Władze palestry milczą
Mimo, że zachowania Romana Giertycha są co najmniej kontrowersyjne a temperatura w kraju rośnie m.in. w związku z jego wypowiedziami, władze adwokatury ani słowem nie zająknęły się na ten temat. Reakcji od przewodniczącego Naczelnej Rady Adwokackiej Przemysława Rosatiego domagają się politycy i prawnicy. Wskazują oni, że adwokat ma obowiązek działać w dobrej wierze, z należytą uczciwością i sumiennością, nie może zaś udzielać wypowiedzi, które nie wynikają z merytorycznej potrzeby, a mogą poniżać osoby trzecie.
Niegodne zachowania
- Na miejscu kierownictwa palestry zamiast zajmować się wyborami zająłbym się kompromitującymi i skandalicznymi zachowaniami własnych członków. I to, i brak adekwatnej racji wpływają bowiem bardzo źle na wizerunek całej korporacji – napisał na X sędzia Trybunału Konstytucyjnego prof. Kamil Zaradkiewicz.
- Po raz kolejny trzeba zapytać Pana Prezesa Naczelnej Rady Adwokackiej - czy wobec bezprecedensowych wybryków czynnego adwokata i posła Giertycha,organy samorządu adwokackiego nadal mają być wielkim NIEMOWĄ?! Nadal mają akceptować jego niegodne zachowania!? – pytał poseł PiS Jerzy Polaczek.

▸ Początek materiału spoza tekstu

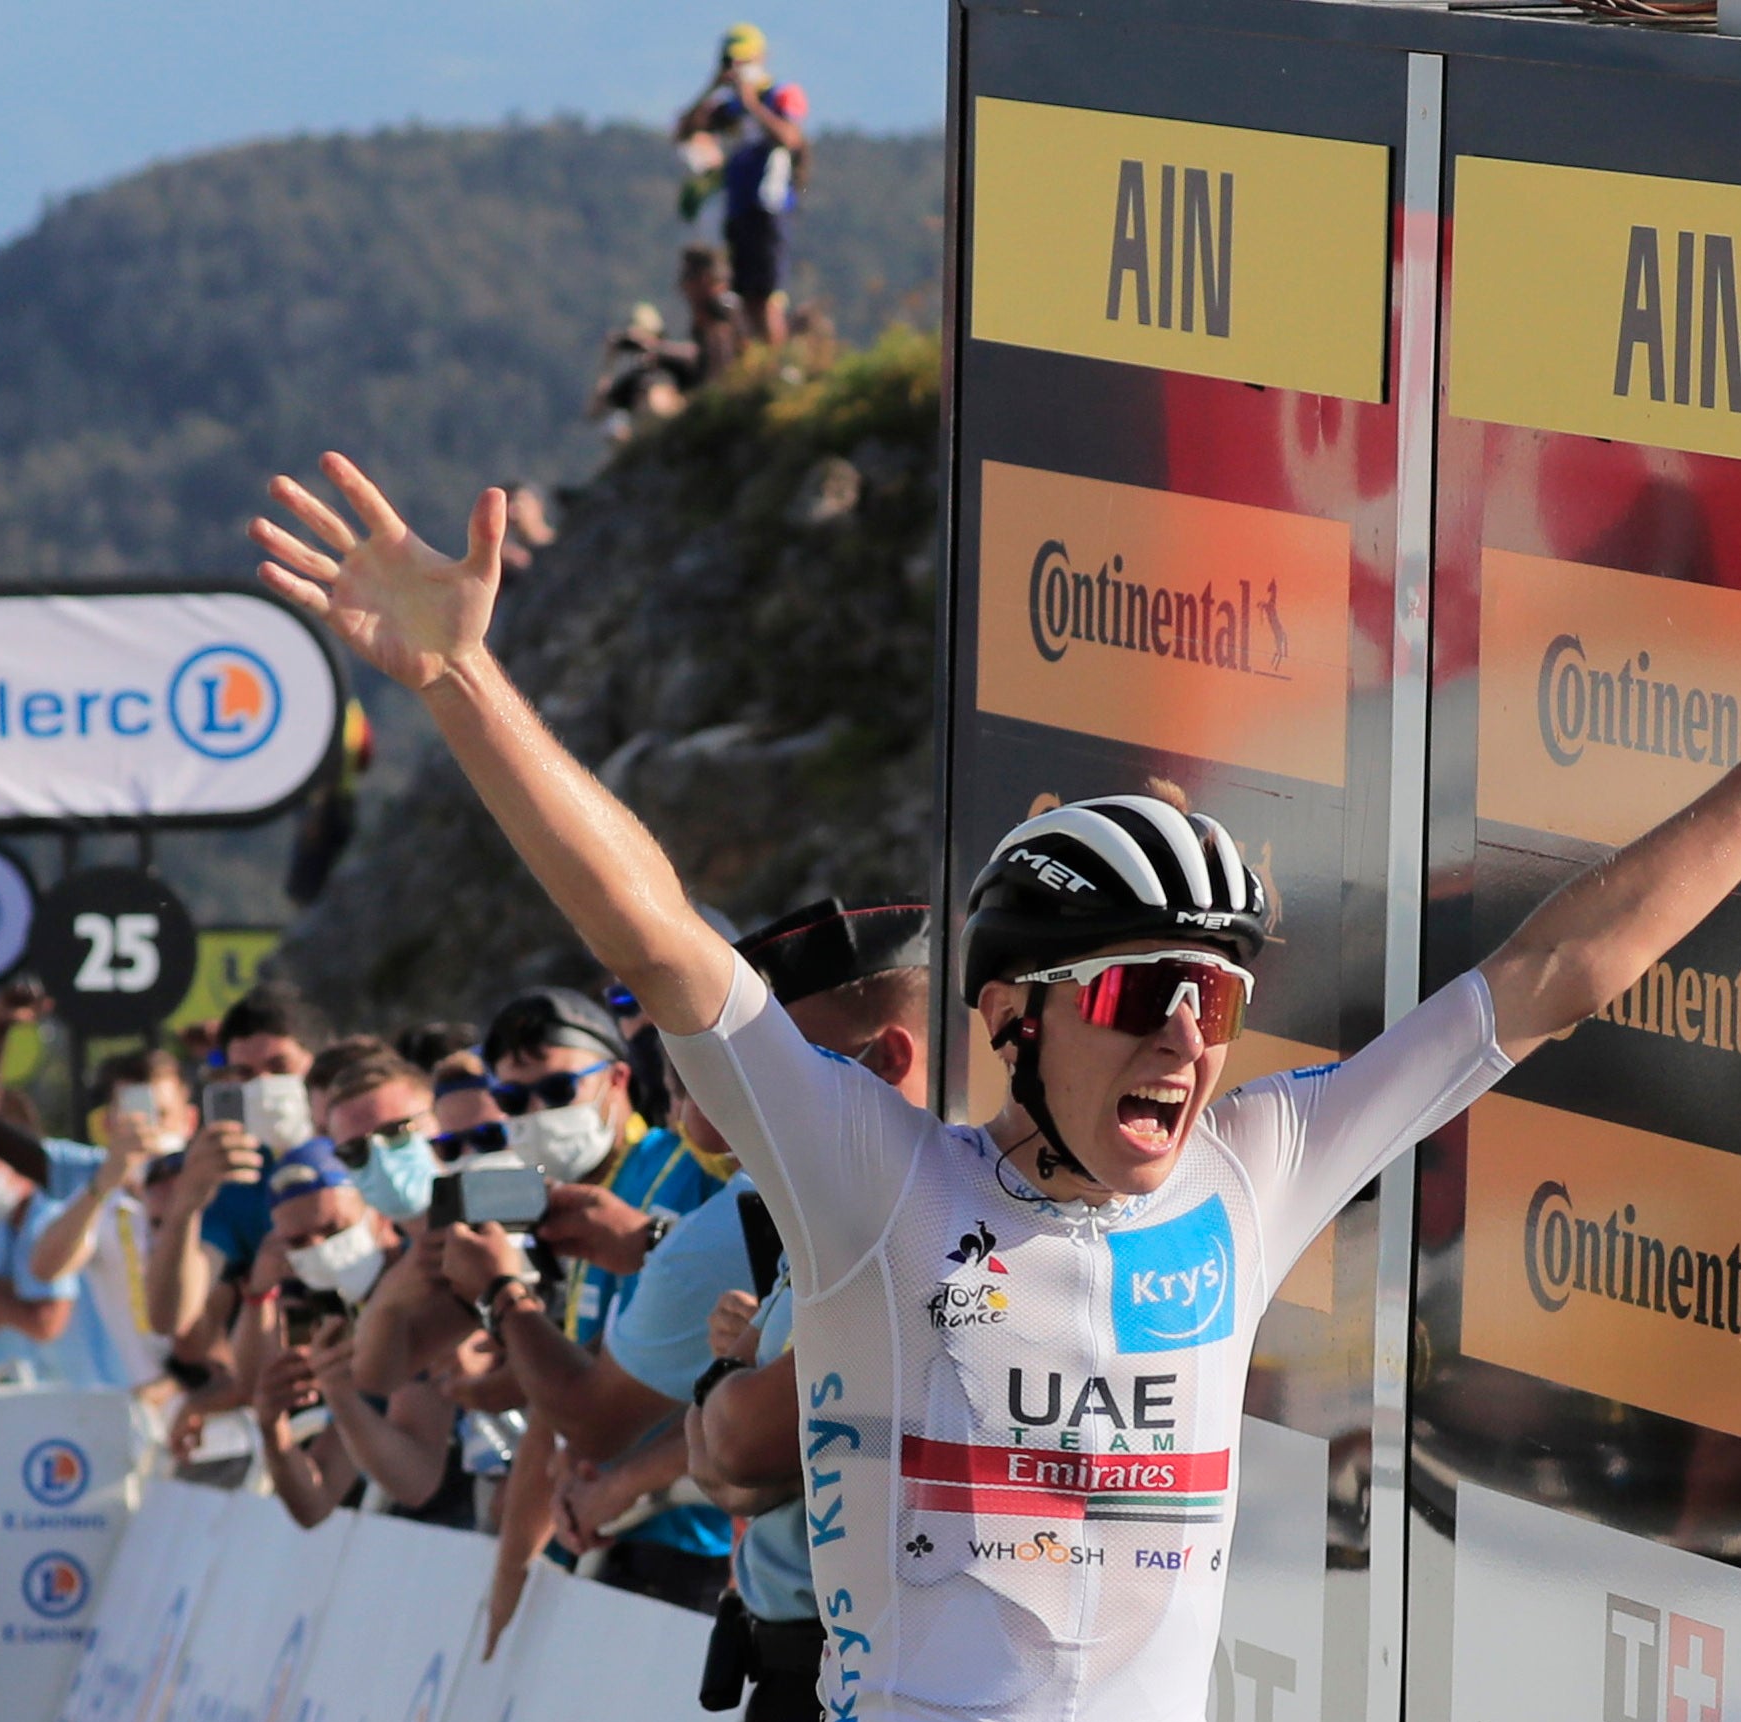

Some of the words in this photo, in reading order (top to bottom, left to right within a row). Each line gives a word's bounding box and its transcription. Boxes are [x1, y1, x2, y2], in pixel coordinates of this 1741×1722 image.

- Panie mec. Rosati, to już nie jest sprawa jednej osoby to już społeczny temat. Zajmiecie się tym czy społeczeństwo ma wymóc zmiany w ustawie korporacyjnej? – dociekał z kolei Dariusz Lasocki, były członek Państwowej Komisji Wyborczej.
Ani NRA ani Przemysław Rosati osobiście nie zabrały dotąd głosu w sprawie wyborczej krucjaty Giertycha. Ostatnie stanowisko adwokatury dotyczyło rzekomej inwigilacji posła PO, czego miały dowodzić taśmy opublikowane niedawno przez media.